Variations in the operating altitude of PSA oxygen concentrators can significantly affect their performance, limiting their ability to satisfy oxygen demands in regions at different altitudes and restricting local economic development. To address this challenge, an experimental PSA oxygen generation system was designed to investigate the effects of altitude variations on oxygen production performance in the Qinghai-Tibet Plateau. The independent influences of P_H/P_L and P/F on PSA oxygen production performance were examined by adjusting adsorption time, pressure equalization time, purge time, and purge flow rate. An optimized adjustment strategy for process parameters was developed based on altitude changes. As the altitude increased, P_H/P_L was improved by increased adsorption time and pressure equalization time during the adsorption stage, mitigating the adverse effects of reduced gas source capacity, improving adsorbent utilization, and maintaining O₂ purity and productivity. During the desorption stage, P/F was reduced by reducing purge time and purge flow rate, conserving oxygen-enriched product gas, improving O₂ recovery and reducing energy consumption.
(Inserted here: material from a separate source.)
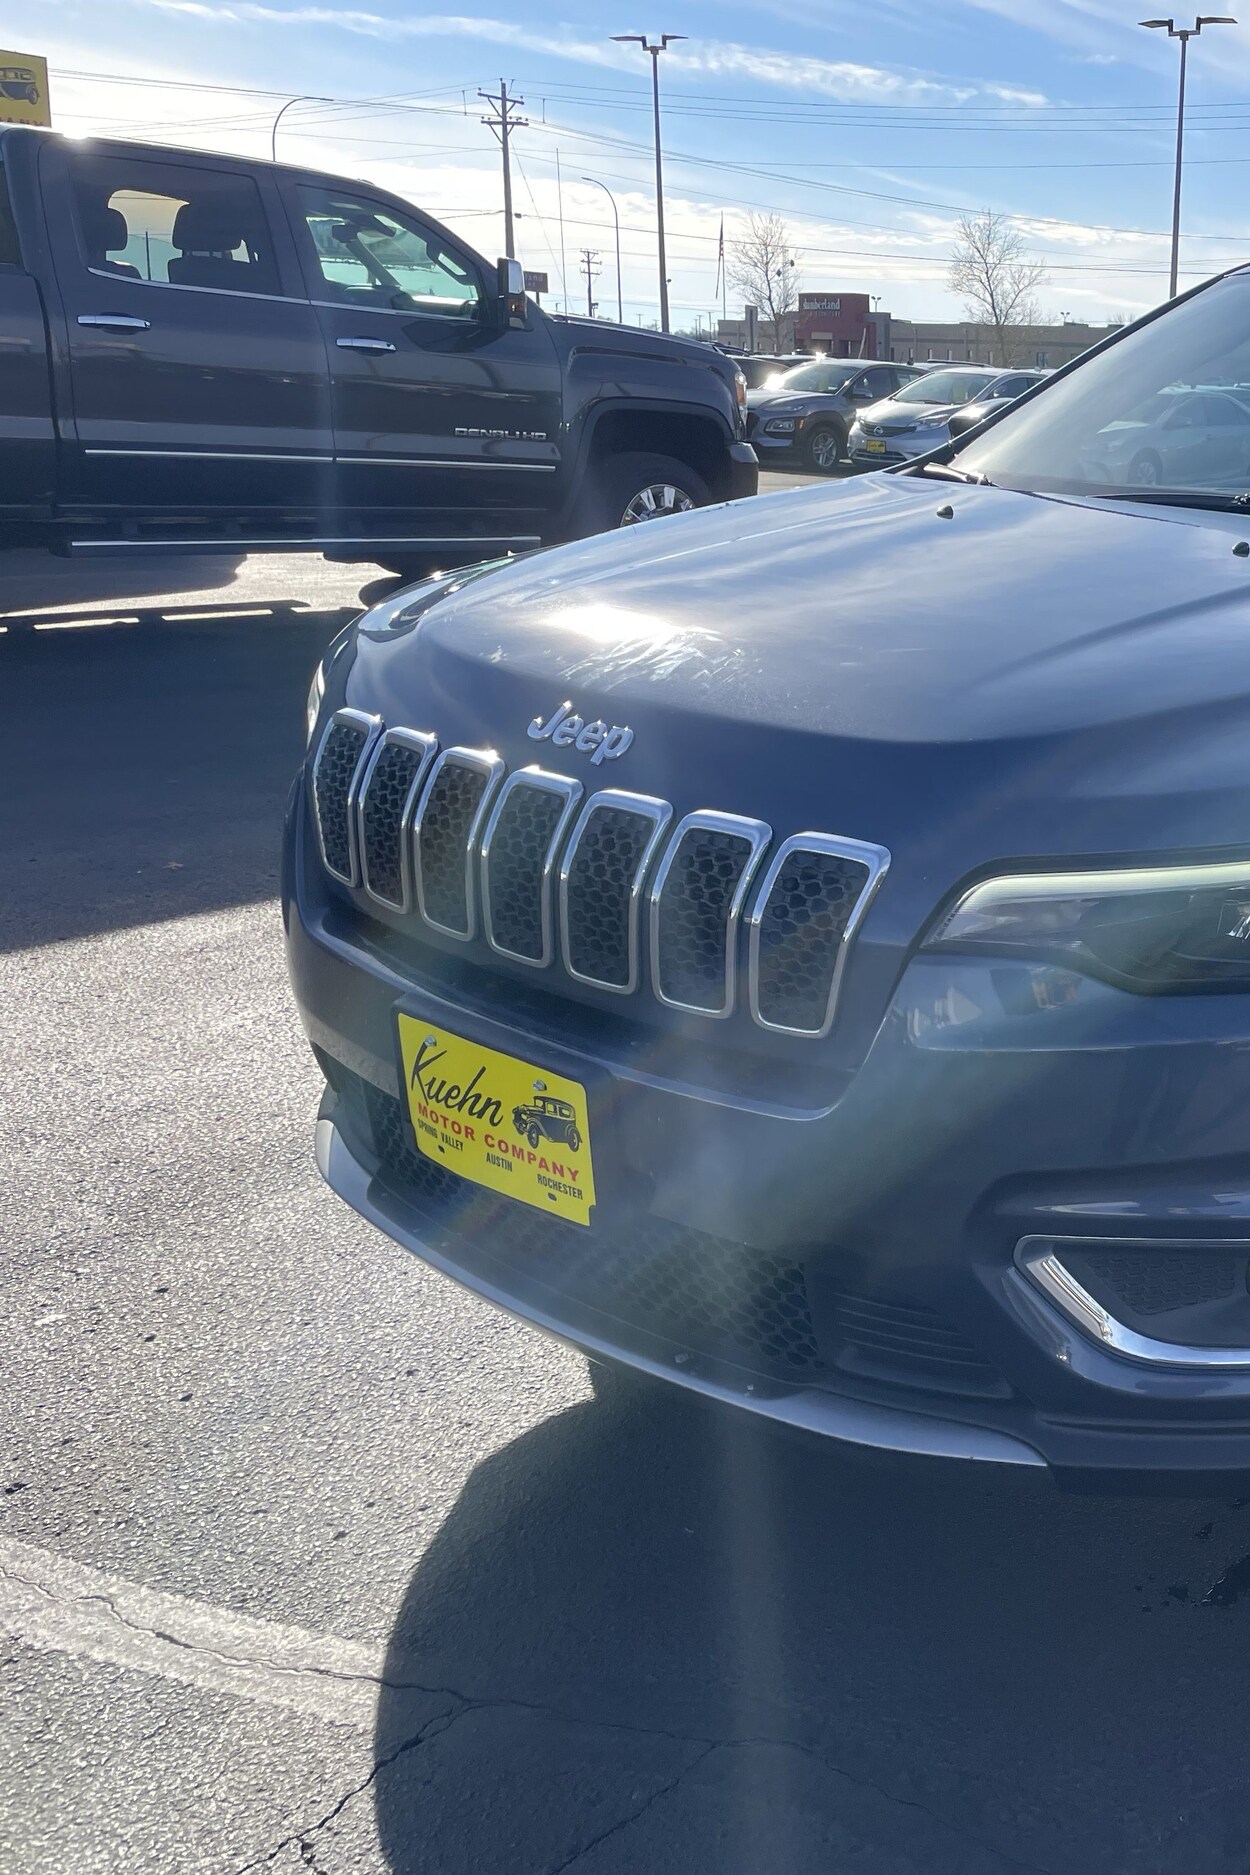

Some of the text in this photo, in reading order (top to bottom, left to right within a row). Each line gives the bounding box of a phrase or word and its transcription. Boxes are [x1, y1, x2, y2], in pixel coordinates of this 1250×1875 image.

Optimization was particularly necessary when the system was coupled with an air compressor exhibiting low exhaust performance. The optimized strategy for process parameters substantially improved oxygen production performance as the altitude increased from 2810 m to 4540 m, compared with experiments without parameter adjustments. O₂ purity and productivity increased by 4.08 % to 23.80 %, while O₂ recovery improved by 5.84 % to 32.19 %. Energy consumption and annual operating electricity costs were reduced by 0.55 % to 2.96 %. The PSA oxygen generation process parameter optimization and adjustment strategy developed in this study has been successfully applied to oxygen supply projects for hospitals and tunnels in plateau regions.